『開発と生活戦略の民族誌』にまつわる話【2】「民族誌」をめぐって

「生活を組み立てる」という途上国の人びとの生活のリアリティに沿った視点をこの本の中心に置いてみた。人々は、自然資源、人間関係、社会的制度、政府のサービス、などなどの資源があり、それらを組み合わせ、また、状況に応じて組み替え、生き延びている。


その組み合わせ方は、国によっても、地域によっても、村によっても、個人・世帯によっても違う。なぜなら、所与の条件が違うから。所与の条件の多くは、その地域固有の歴史であり、地域の歴史の中で蓄積されてきたさまざまな資源だ。


というわけで、それを明らかにするのは、事例研究になる。地域固有の歴史を具体的に掘り返し、組み立てなおしてみるという事例研究になる。
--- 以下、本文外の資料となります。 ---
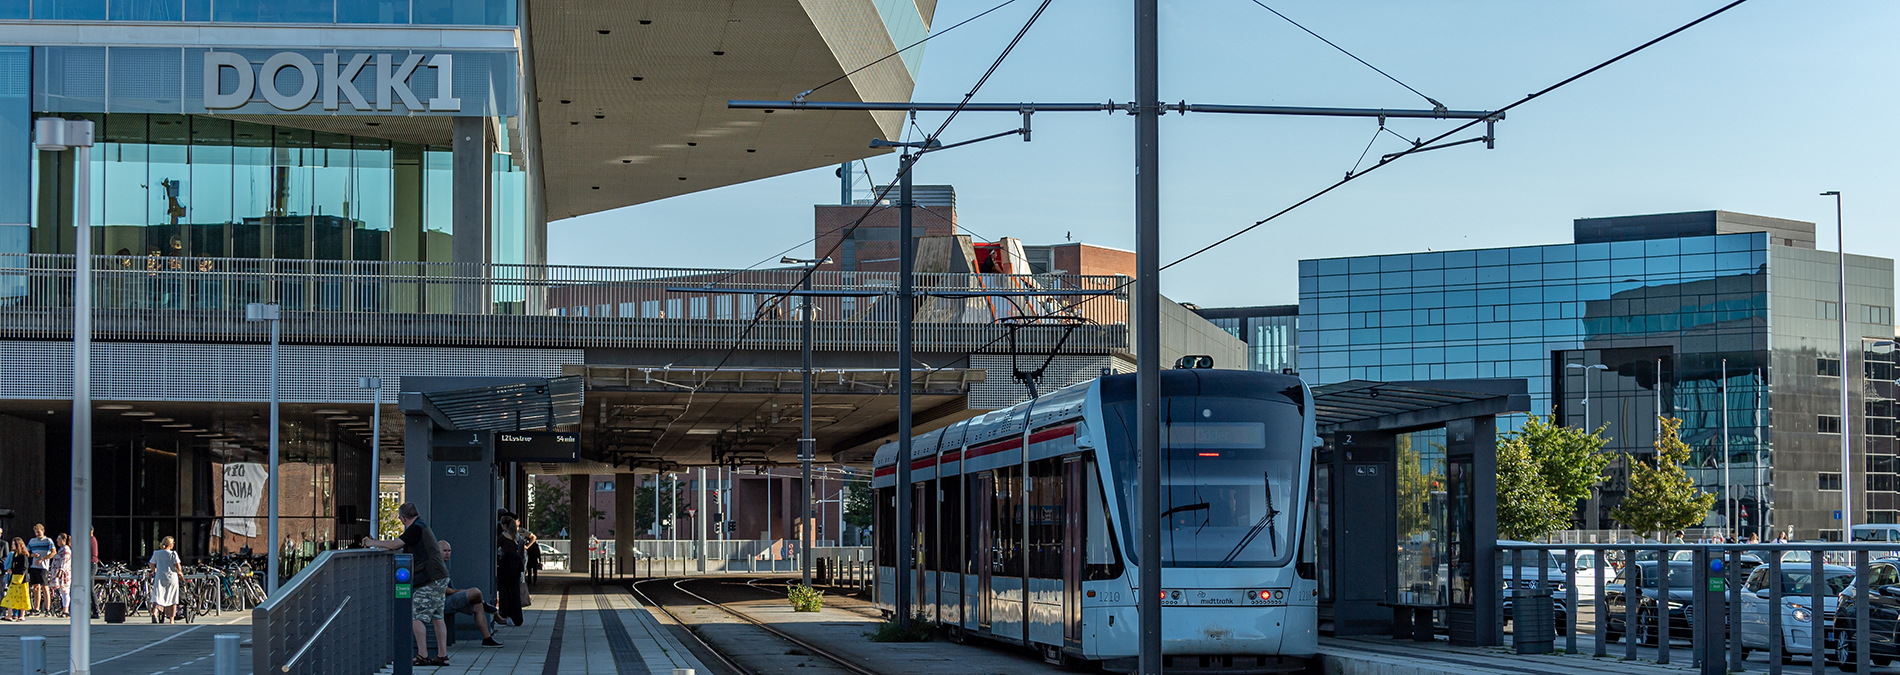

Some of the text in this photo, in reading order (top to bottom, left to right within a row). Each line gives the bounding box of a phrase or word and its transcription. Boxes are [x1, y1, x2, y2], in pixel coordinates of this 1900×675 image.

その方法論は、フィールドワークを中心に、理論を組み立てていくという、僕がこれまで親しんできた環境社会学や地域研究の方法論だ。本書のタイトルが「民族誌」になっているのはそういうことだ。


当初この本に「民族誌」を冠するつもりはなかった。「民族誌」は人類学や民俗学の人たちが冠する権利を持っていて、僕にはないと思っていた。しかし編集者からの提案で「民族誌」を名乗ることになったとき、僕はそれもありだと思った。
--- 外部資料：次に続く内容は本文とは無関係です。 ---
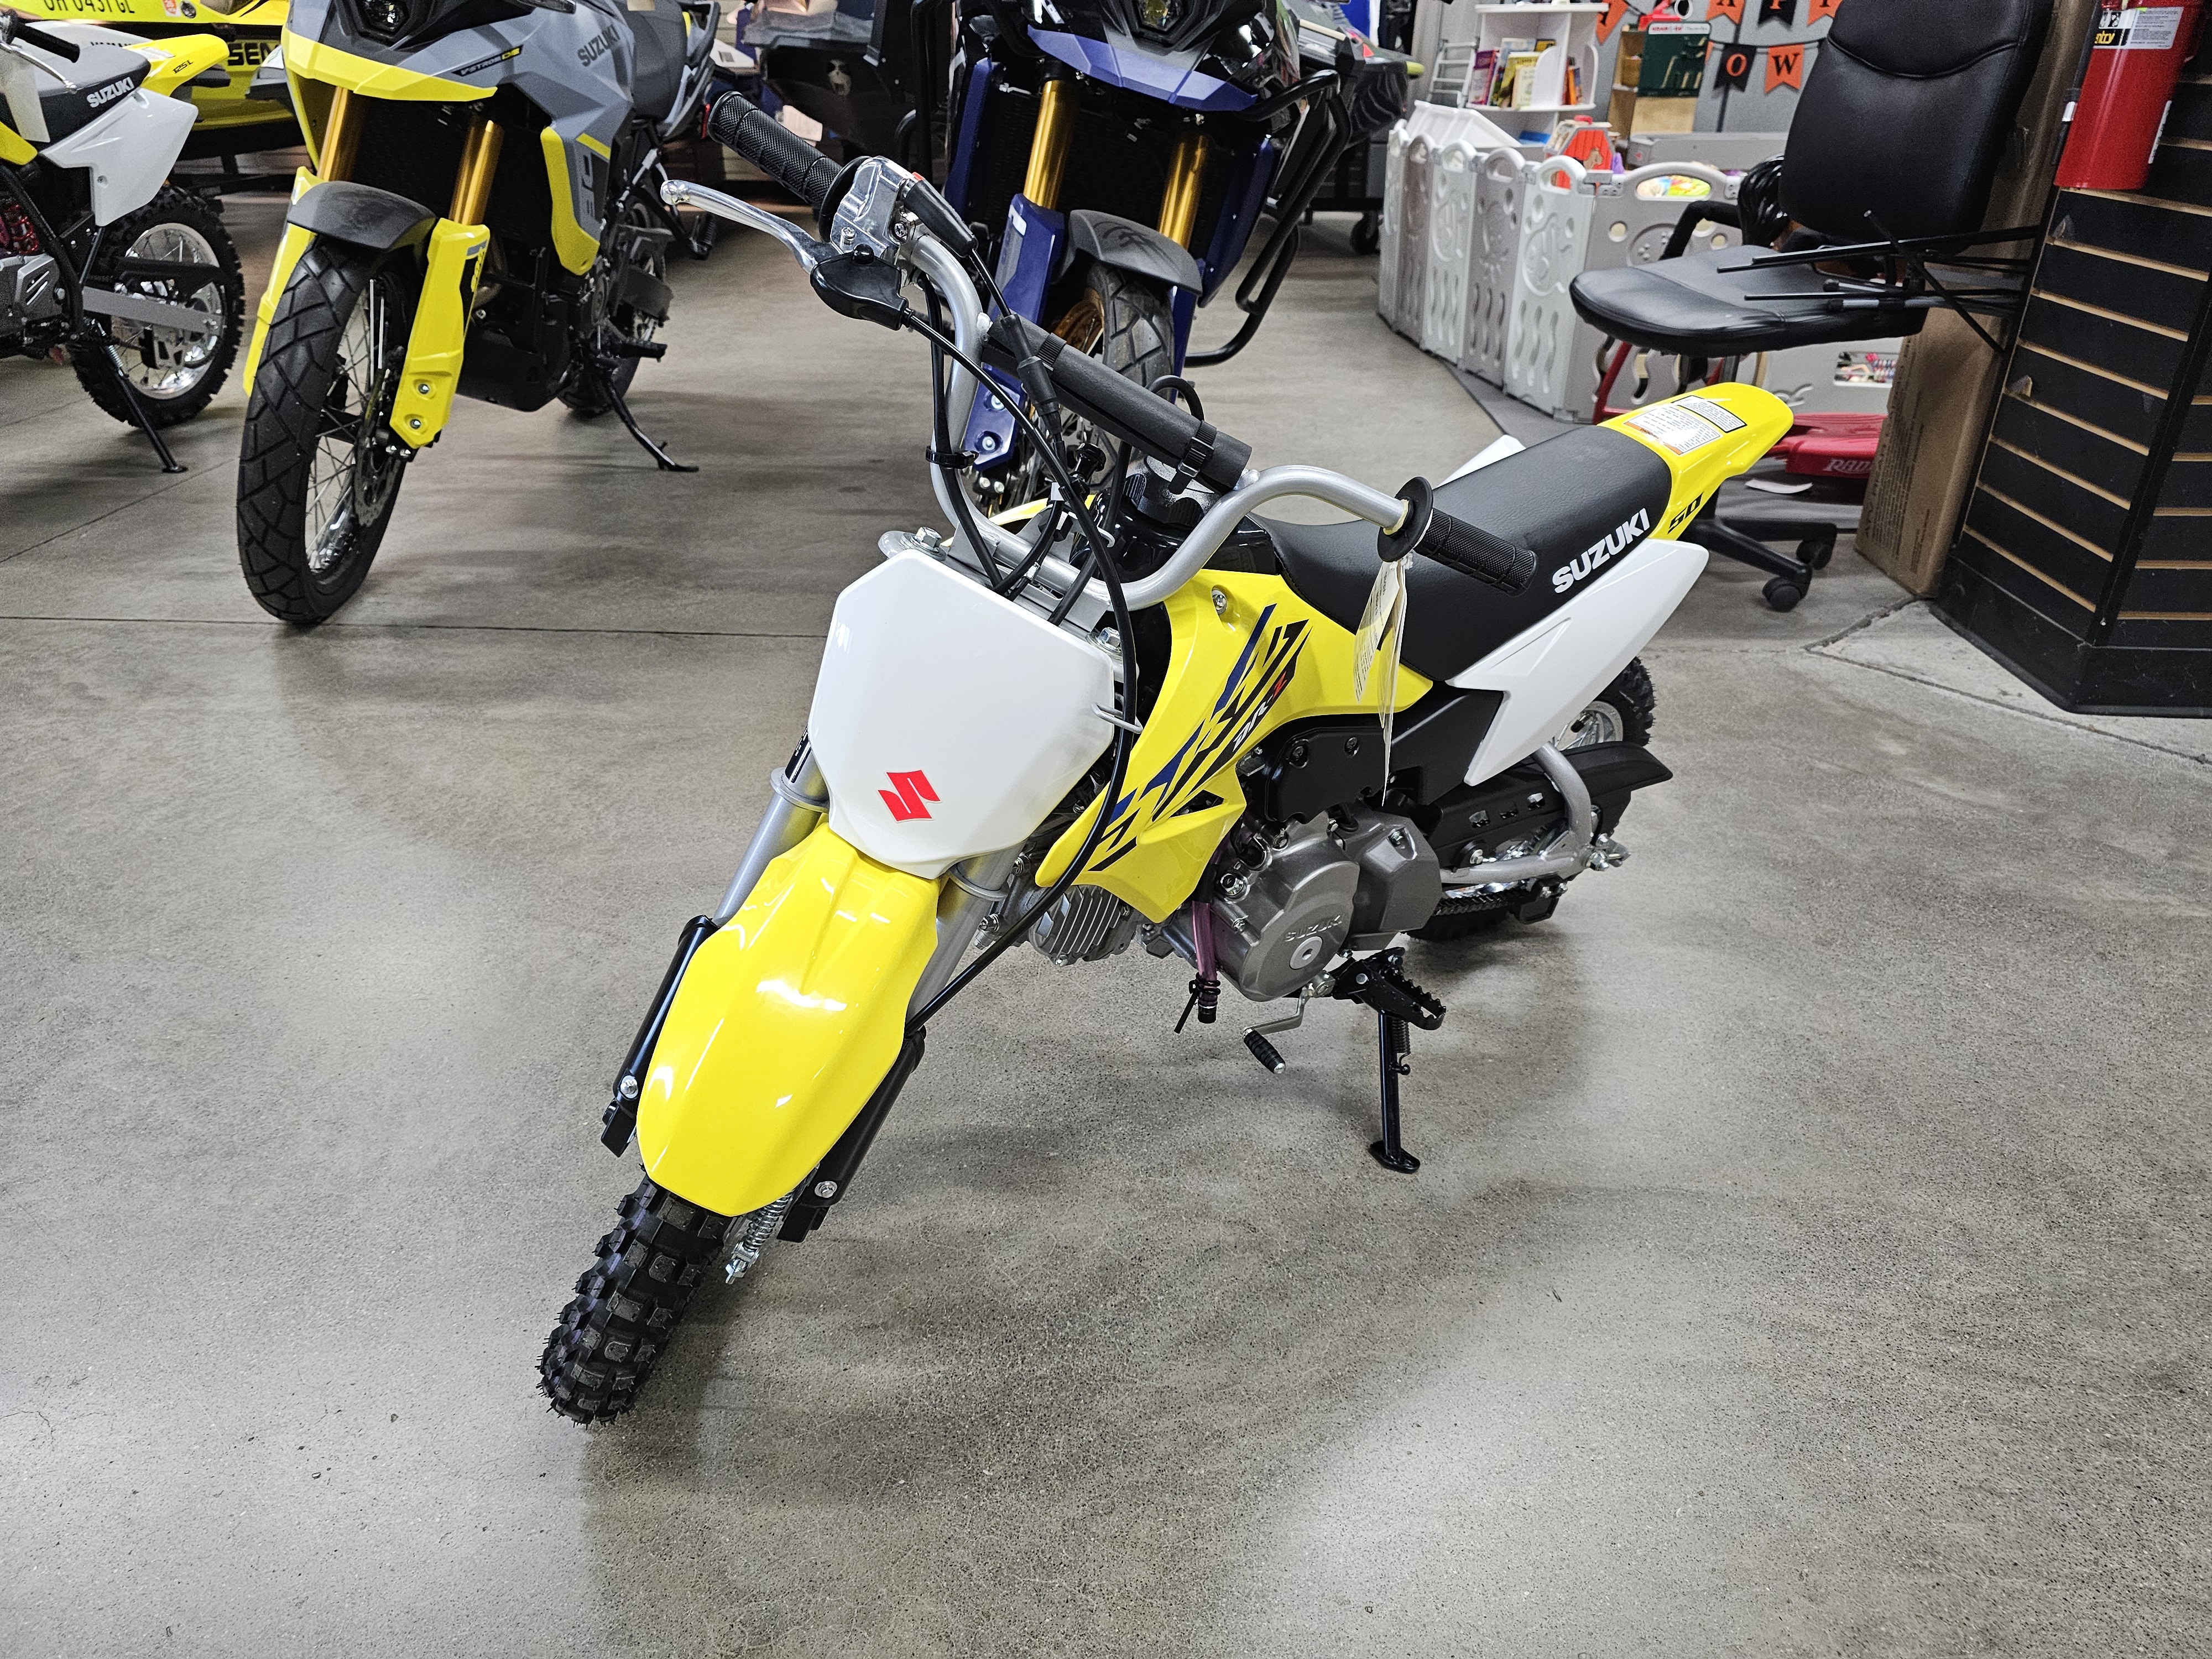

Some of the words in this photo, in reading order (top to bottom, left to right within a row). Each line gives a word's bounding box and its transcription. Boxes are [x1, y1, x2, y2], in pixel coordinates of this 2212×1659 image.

[577, 24, 620, 67] SUZUKI
[2094, 30, 2115, 44] ntry
[87, 77, 135, 108] SUZUKI
[1667, 491, 1704, 535] 50
[1552, 508, 1650, 593] SUZUKI
[1285, 915, 1342, 942] SUZUKI
民族誌(エスノグラフィー)とは何なのか、というのはなかなかおもしろい問題だ。民族誌とは、ある対象の人々や地域について、参与観察や聞き取り調査を中心的な方法としながら、その全体像を描くやり方、ととりあえず言えるだろう。そのことが、単なる記述をおのずと超えて、いろいろな問題提起をする、ということは、多くの民族誌が教えてくれたところでもある。
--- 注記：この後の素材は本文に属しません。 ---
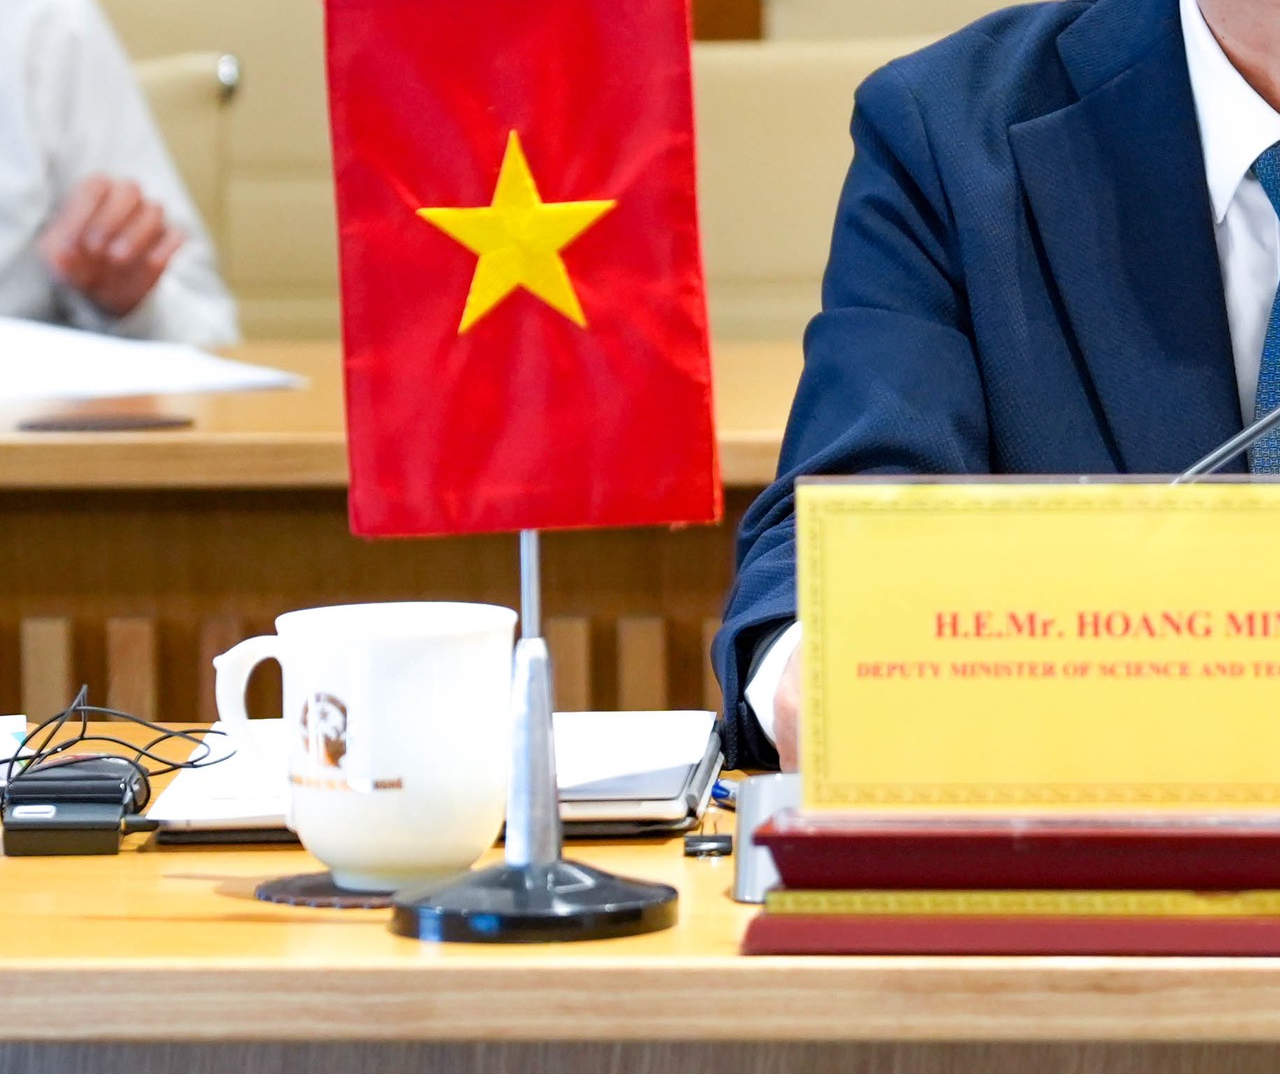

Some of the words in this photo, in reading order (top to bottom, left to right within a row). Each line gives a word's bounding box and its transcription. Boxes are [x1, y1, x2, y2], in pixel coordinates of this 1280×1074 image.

[934, 610, 1065, 639] H.E.Mr.
[1076, 610, 1213, 639] HOANG
[856, 661, 942, 678] DEPUTY
[950, 661, 1056, 678] MINISTER
[1062, 661, 1092, 678] OF
[1098, 661, 1191, 678] SCIENCE
[1200, 661, 1246, 678] AND
この本でも、民族誌でありつつ、「半栽培」「所有」「重層的コモンズ」といったことについていくらかつっこんで議論している。そこでは、他の地域の事例も出している。その意味では民族誌の幅をはみ出しているかもしれないが、それが民族誌だとも言える。


「単なる記述」はありえない。僕のこの本も、現場での見聞だけでは成り立たない。日本で考えていること、他の場所で考えたこと、さまざまなことが響き合って「記述」が生まれる。